Even more complicated, noted the New York Times (September 30): “At the same time, the countries kept up trade ties and cut natural gas deals and Turkey bought anti-aircraft missiles from Russia, angering the United States”. A Turkish news agency reported that Turkish-made drones had hit targets in Nagorno-Karabakh “raising the specter” warns Andrew Kramer, “of a proxy battle in the enclave”. Trespassing into former Soviet territory with arms “is not something Russia will look kindly at”, said Dmitry Trenin, director of the Moscow Carnegie Center. Nick Paton Walsh insisted in the CNN newsletter (October 5) that Putin and Erdogan “are no longer speed dialing each other. Erdogan has left Putin in perhaps his most delicate spot in years”. Moscow is deeply involved in conflicts in Libya and Syria, is dealing with a crisis in neighboring Belarus, whose dictator is threatened to lose power to a democratic movement. Recep Tayyip Erdogan is threatening to intervene for as long as needed in the Caucasus crisis: “As Turkey, with all our means and with all our heart, we stand with fellow and brother Azerbaijan and we continue to stand with it, God willing, until Nagarno-Karabakh is liberated from invasion, this struggle will continue” (Washington Post Newsletter, ‘Today’s world view’, October 5). Intervention by Ankara, writes Fehim Tastekin (Al-Monitor, October 3) “risks escalation with Russia. If Moscow comes to believe that Ankara has ulterior motives, such as expanding its Turco-Islamist influence to the South Caucasus as part of Erdogans’s neo-Ottoman ambitions, it won’t stand idle”.

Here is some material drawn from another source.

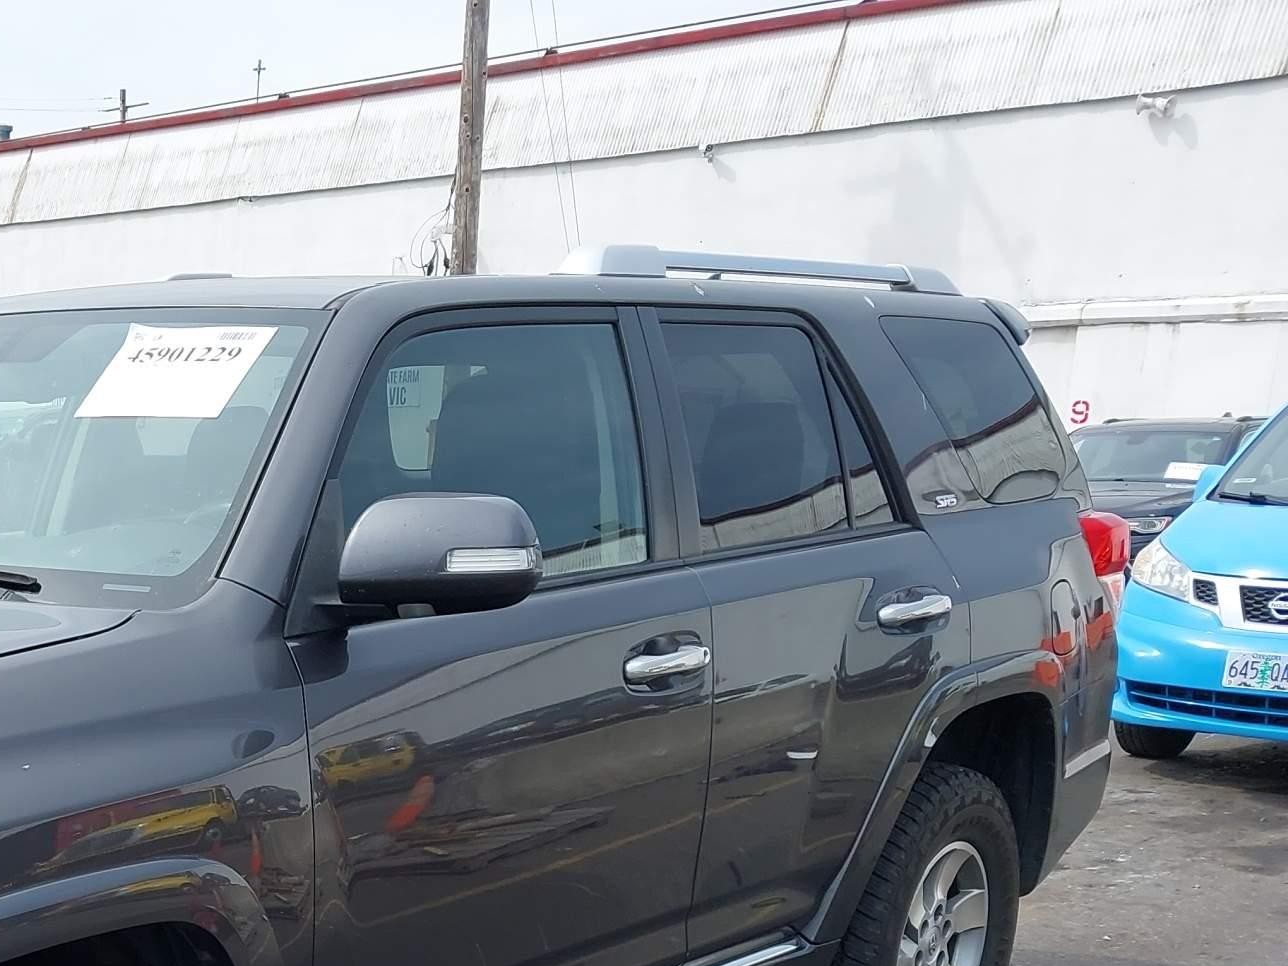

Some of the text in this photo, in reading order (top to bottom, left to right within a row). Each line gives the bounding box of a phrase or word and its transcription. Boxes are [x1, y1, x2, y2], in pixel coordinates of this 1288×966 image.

For Armenia’s Prime Minister Nikol Pashinyan, the current fighting poses an “existential threat” because of the role of Turkey, whose precursor, the Ottoman Empire killed an estimated 1.5 million Armenians at the end of the First World War. Political analyst Amberin Zaman claimed in the Al-Monitor newsletter (October 3), that Azerbaijan’s military action “was not sparked by accident but was preplanned by Azerbaijan and its regional ally Turkey”. Zaman’s analysis is that Turkey’s all-in support, including providing arms and training, can allow Erdogan “to claim credit for winning back Azerbaijani territory, however little, [which] would be an enormous boost to his droopy poll numbers in the midst of a looming economic crisis”.
The opinions expressed in this article belongs to the author.